**Work task:** Print all of the data below exactly as it appears, leaving out every image.

**Source data:**
-------

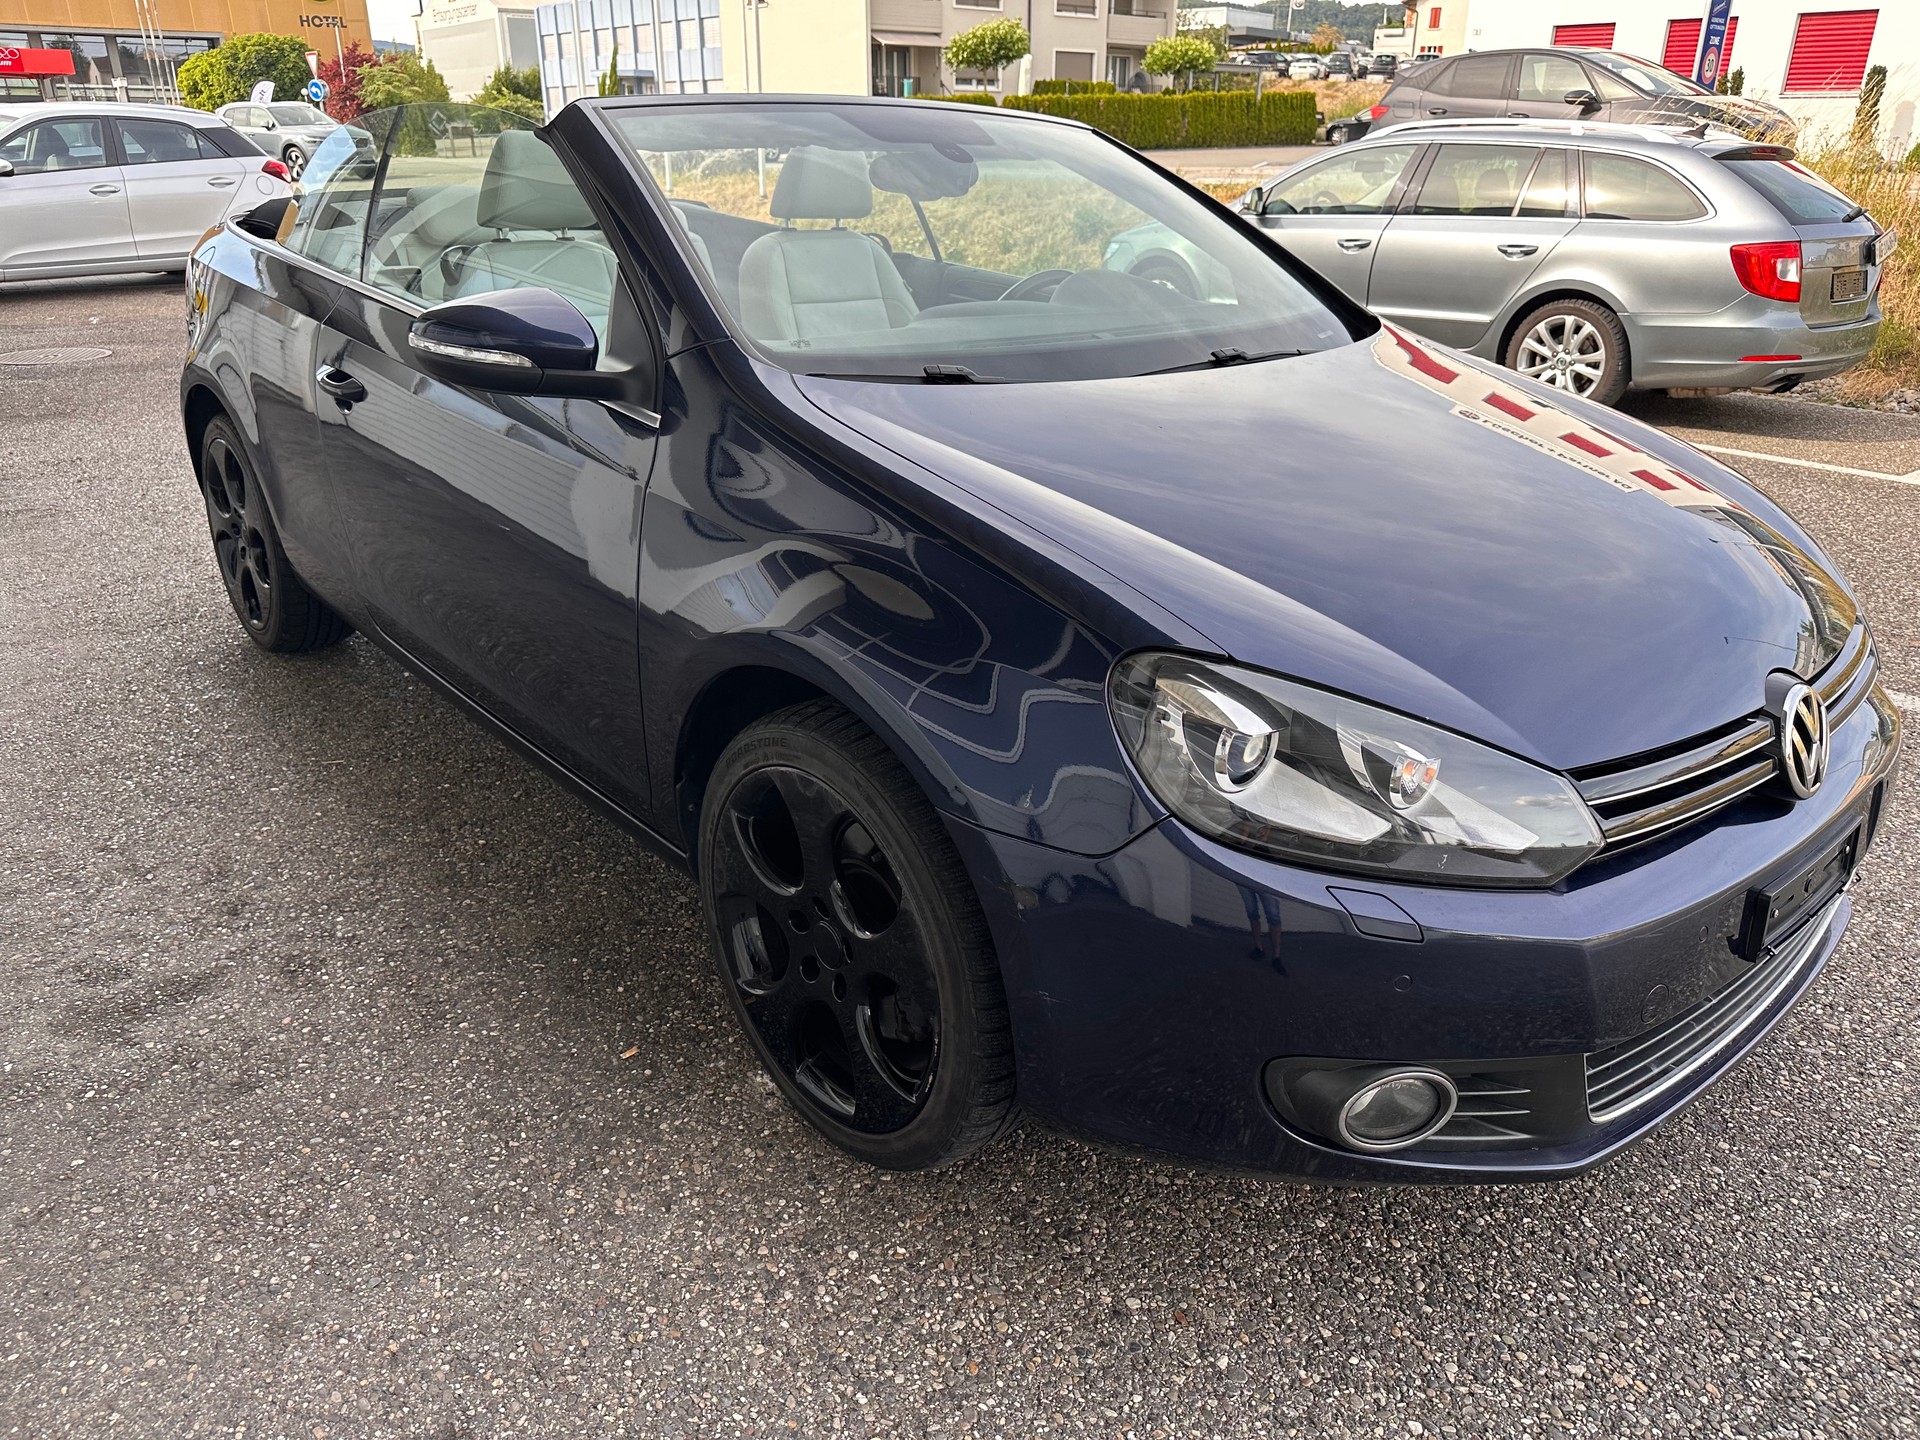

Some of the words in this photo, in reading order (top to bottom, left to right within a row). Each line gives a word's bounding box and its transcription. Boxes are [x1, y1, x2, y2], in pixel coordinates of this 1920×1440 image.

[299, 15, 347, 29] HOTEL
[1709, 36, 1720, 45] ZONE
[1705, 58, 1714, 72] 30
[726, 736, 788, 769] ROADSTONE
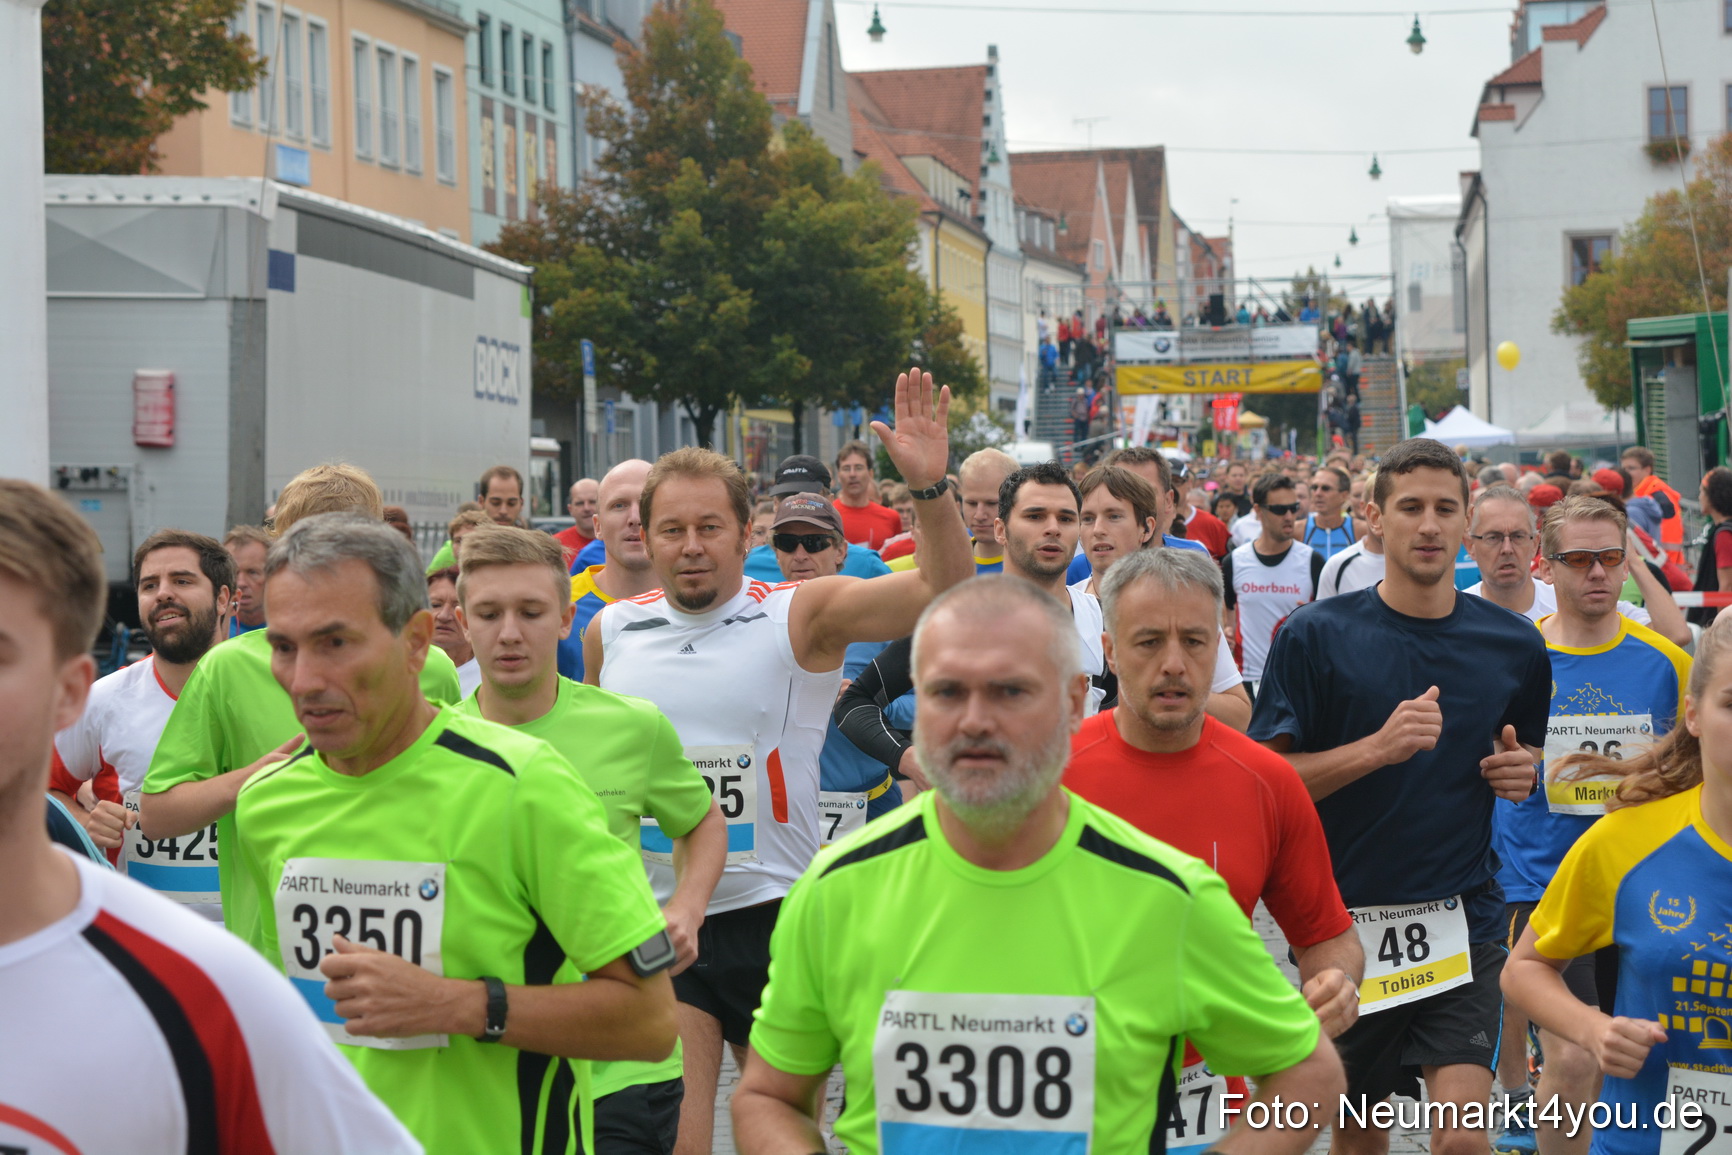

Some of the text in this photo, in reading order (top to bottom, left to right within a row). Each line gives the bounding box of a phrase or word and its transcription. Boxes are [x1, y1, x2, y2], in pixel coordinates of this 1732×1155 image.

-------

**Task answer:**
Some of the words in this photo, in reading order (top to bottom, left to right within a row). Each line gives a word's bounding box and its transcription. Boxes are [x1, y1, x2, y2], in pixel coordinates of this 1920×1440 image.

[299, 15, 347, 29] HOTEL
[1709, 36, 1720, 45] ZONE
[1705, 58, 1714, 72] 30
[726, 736, 788, 769] ROADSTONE

Some of the text in this photo, in reading order (top to bottom, left to right within a row). Each line gives the bounding box of a phrase or word and its transcription. Boxes are [x1, y1, x2, y2], in pixel coordinates of this 1732×1155 image.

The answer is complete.